Menurut Komisi untuk Orang Hilang dan Tindak Kekerasan (Kontras), Wiranto dianggap tidak layak menjadi Menko Polhukam karena diduga terlibat banyak kasus Hak Asasi Manusia (HAM) saat menjabat Panglima ABRI.

BACA JUGA: Yoshi Rinrada, Cantik, Senyum Manis, Tubuh Mungil Dan Juara Kontes Kecantikan. Tapi Ternyata….

Menanggapi kritikan dari Kontras tersebut, Akbar Tanjung berpendapat kalau Wiranto belumlah dapat disebut sebagai pelanggar HAM. 

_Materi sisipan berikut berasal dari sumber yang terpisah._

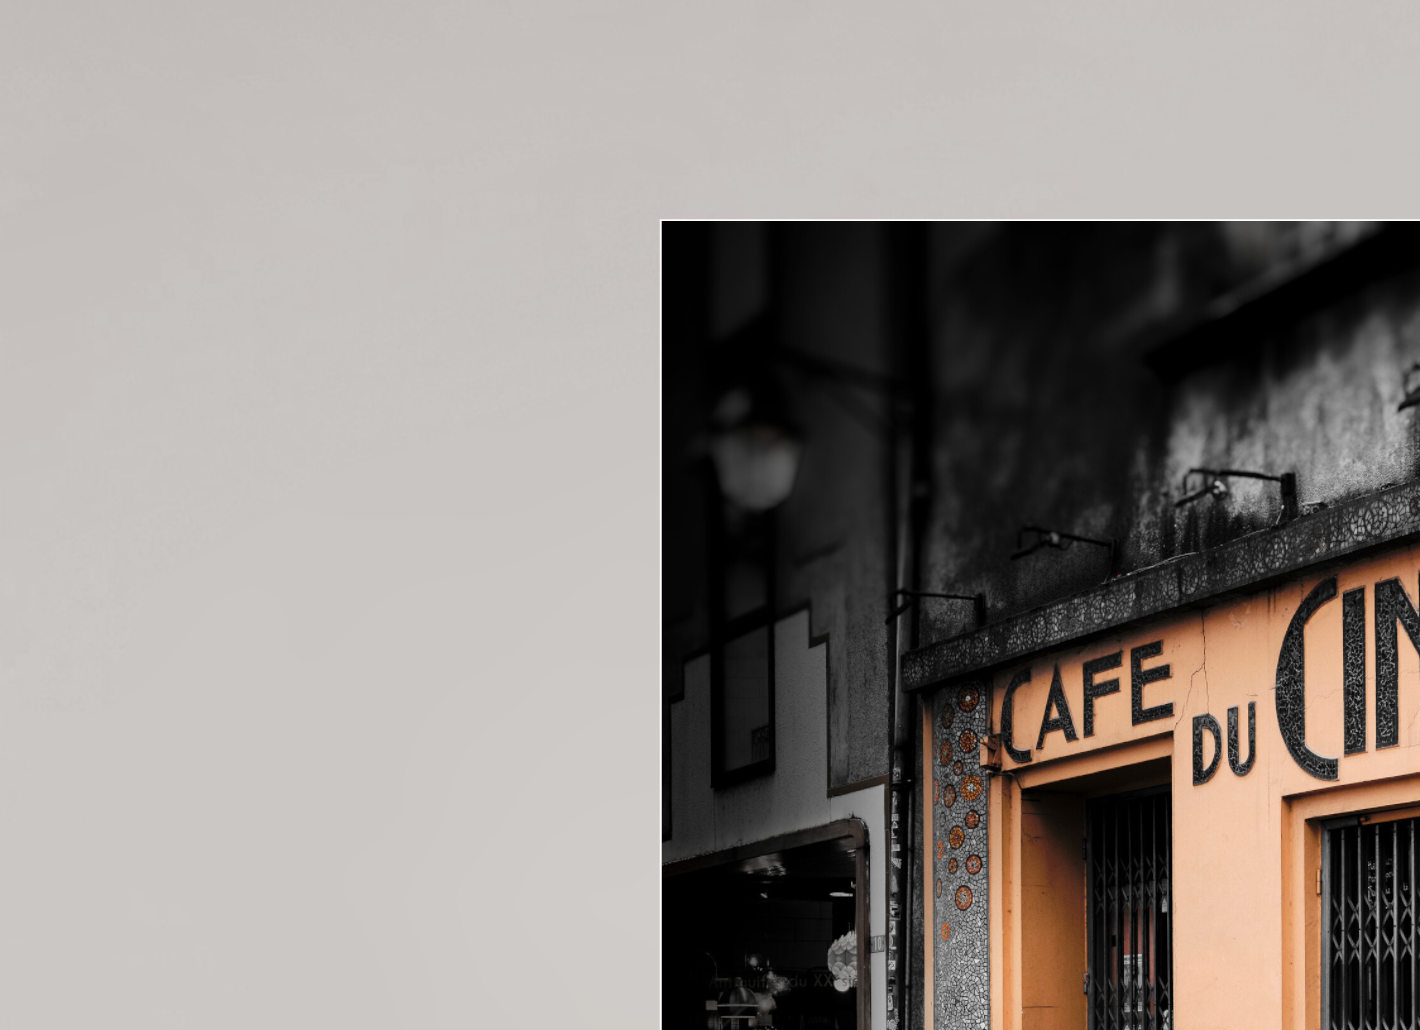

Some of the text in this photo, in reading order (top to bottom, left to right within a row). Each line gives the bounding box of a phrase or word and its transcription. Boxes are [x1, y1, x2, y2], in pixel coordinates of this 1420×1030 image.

[1000, 640, 1175, 763] CAFE
[1192, 701, 1257, 786] DU
[874, 936, 882, 951] 10
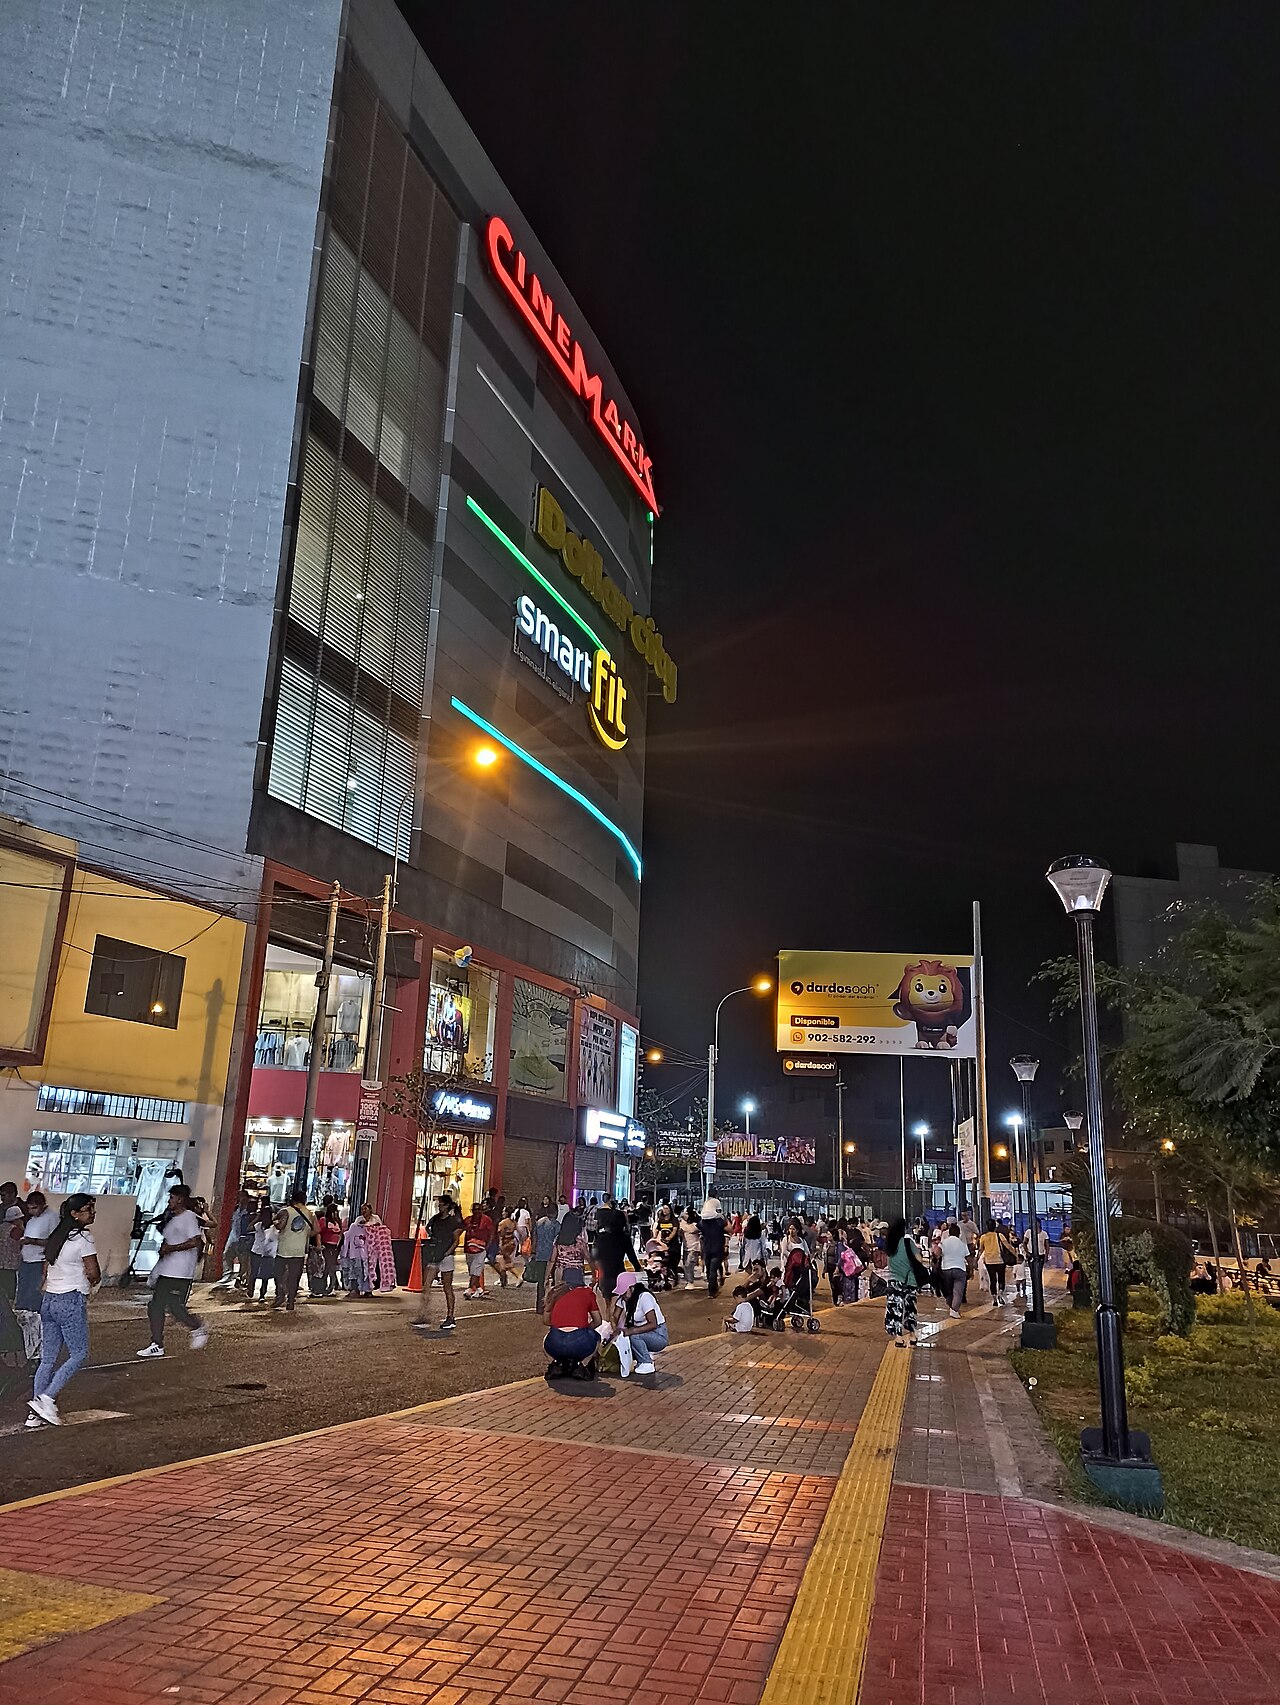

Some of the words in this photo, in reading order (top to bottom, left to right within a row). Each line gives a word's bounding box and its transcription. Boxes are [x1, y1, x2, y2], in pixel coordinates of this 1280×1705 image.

“Karena sejauh ini belum ada putusan resmi yang mengatakan ada pelanggaran HAM dari aspek hukum,” kata Akbar di JCC Senayan, Jakarta, Rabu (27/7/2016).

Lebih lanjut Akbar Tanjung mengatakan, saat Wiranto menjadi Panglima belum bis disebut terjadi pelanggaran HAM. Dan Akbar menegaskan ituasi politik saat 1998 mengharuskan aparat melakukan langkah-langkah.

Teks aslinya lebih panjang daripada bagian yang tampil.